On this episode of The Discourse, McCarthy joins the podcast to break down how “Hokum” came together, why he stripped the story down rather than build it out, and how he balances supernatural horror with something far more immediate and human. The starting point was as simple as it gets.
“It began with just wanting to make a haunted hotel movie and just to see, like, would I be any good at that?” McCarthy admitted. “What would my characters look like working in a hotel? It’s like any horror trope. I wonder if I would be any good at that, or what I would do with that?”
That question led him toward one of the film’s defining images, something mundane that slowly becomes anything but.
“What if there was a dumb waiter? And where does that dumb waiter go?” he said. “That seemed to be the thing that kicked off the film visually for me. What could be in there? A dead body? Maybe the guy’s got to get into it.”
From there, the film expands, but McCarthy kept pulling it back toward simplicity, especially when it came to lore.
“There’s always that moment in horror films where somebody will stop and explain what’s happening,” he said. “It’s usually after the midpoint, suddenly the witch starts monologuing, ‘I needed to collect seven souls.’ It’s like, nobody cares.”
Instead, he leans into suggestion.
“If Mr. Cobb tells his little Halloween story about a witch that takes lost travelers off to hell, it’s like, yeah, that’s good enough,” he said. “I’d be happy with that. As a horror fan, I’m on board.”
That restraint gives the film its shape. The horror doesn’t arrive with instructions or rules. It just sits there and waits for you to catch up. At the same time, McCarthy never lets the supernatural do all the work. There’s always something real and dangerous pressing in on the character.
“Any good ghost story usually has a villain that’s still living,” he explained. “Something has to catch up with him. It’s that idea of mixing that real threat that he has to deal with, then also something supernatural. You’re dealing with that on top of something that could physically hurt him as well.”
That balance between the physical and the psychological has been baked into his work from the beginning, shaped in part by a childhood spent around horror films.

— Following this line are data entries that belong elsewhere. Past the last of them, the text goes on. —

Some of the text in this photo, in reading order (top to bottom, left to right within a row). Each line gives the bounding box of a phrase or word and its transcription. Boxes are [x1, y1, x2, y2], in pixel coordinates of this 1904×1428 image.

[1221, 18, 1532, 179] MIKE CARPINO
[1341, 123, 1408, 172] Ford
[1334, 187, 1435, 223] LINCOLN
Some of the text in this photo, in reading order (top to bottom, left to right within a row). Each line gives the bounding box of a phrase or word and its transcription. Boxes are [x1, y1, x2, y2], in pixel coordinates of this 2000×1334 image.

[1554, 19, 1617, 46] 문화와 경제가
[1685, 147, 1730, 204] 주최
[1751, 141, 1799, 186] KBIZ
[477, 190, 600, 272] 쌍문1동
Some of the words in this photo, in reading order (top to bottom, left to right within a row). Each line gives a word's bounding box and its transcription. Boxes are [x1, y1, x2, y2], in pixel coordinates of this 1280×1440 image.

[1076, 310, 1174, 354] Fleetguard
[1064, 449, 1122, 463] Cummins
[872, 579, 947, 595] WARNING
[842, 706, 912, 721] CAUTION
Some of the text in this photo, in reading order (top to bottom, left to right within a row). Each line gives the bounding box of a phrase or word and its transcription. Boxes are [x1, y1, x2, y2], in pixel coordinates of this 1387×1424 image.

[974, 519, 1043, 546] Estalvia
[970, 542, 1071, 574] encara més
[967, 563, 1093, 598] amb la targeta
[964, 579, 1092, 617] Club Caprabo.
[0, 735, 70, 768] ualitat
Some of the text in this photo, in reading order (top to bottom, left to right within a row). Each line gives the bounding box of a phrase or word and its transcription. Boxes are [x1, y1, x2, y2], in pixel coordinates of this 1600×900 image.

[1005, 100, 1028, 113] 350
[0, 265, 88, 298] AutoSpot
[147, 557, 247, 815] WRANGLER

“My parents had a VHS store when I was small, so it was always in the horror section,” he said. “That was a huge part of my education, those covers, there’s so much going on, it tells a story on the cover. That definitely fired up my imagination.”
That early fascination carries into one of his most recognizable signatures, turning everyday objects into something deeply unsettling.
“If a character’s alone, it’s like, what is watching him in the room?” he says. “It’s got to be the ornaments, the painting, all the stuff around him, and just how you film them can add this weird feeling.”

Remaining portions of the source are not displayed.